This occurs in chapter 4, "Who has Won to Mastership," where Buck is dreaming and remembering before the campfire. The image he sees in the fire is evidently that of primitive man, who is barely clothed, carries a club, does not stand fully erect, and lives "in perpetual fear of things seen and unseen."
Buck sees this image because it is part of his own ancestral memory. We're told that in the Yukon he sometimes remembers Judge Miller's house in the warm Southland and the comfortable life there, but what is stirring more within him is a sense of his own primitive ancestry being awakened. These are the memories of "his heredity that gave things he had never seen before a seeming familiarity." Buck's new and dangerous life in the Northland has granted him an entry into his own past, into the lives of his wolf ancestors who lived in a similar environment. These are instincts that have been aroused within him, and the primitive man he re-imagines in the flames is part of that primordial existence, before civilization, when man and wolf/dog were first coming together as partners.
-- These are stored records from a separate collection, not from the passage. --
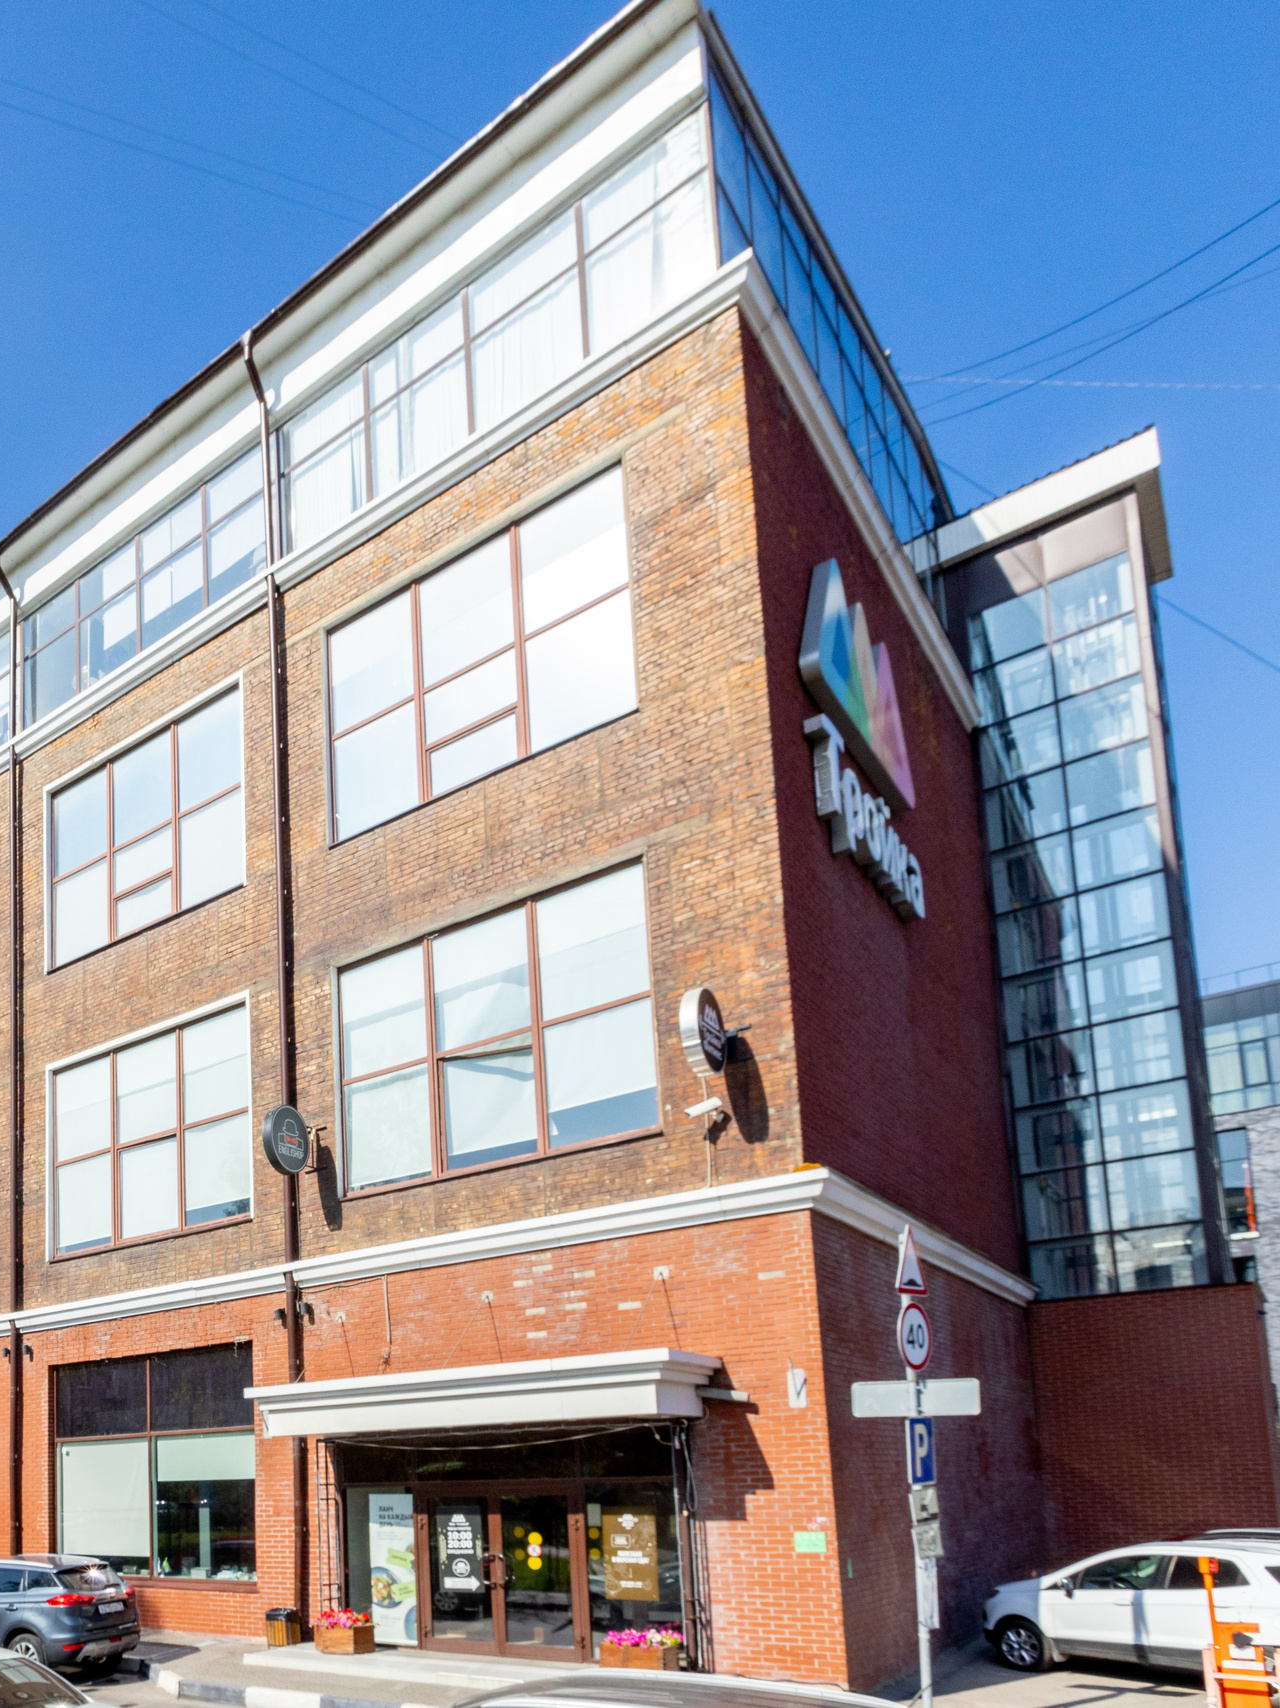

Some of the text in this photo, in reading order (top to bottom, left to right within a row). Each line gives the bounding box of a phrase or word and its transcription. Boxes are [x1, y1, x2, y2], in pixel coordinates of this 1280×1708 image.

[803, 713, 926, 921] Тройка
[278, 1145, 305, 1160] ENGLISHOP
[906, 1325, 925, 1349] 40
[914, 1423, 929, 1478] P
[447, 1531, 473, 1540] 10:00
[447, 1540, 473, 1549] 20:00
Eventually Buck does rejoin the wild, as a leader himself, but not until after his own partnership, an idyllic one, with John Thornton. It is the tragedy of Buck's story that he loses two Edens, two states of innocence: the first in the Southland, and the second in his stay with Thornton. The novel is thus a parable of the Fall of Man, but one in which the loss of innocence leads Buck, like mankind, into a new world of challenge and fulfillment he could not have otherwise had.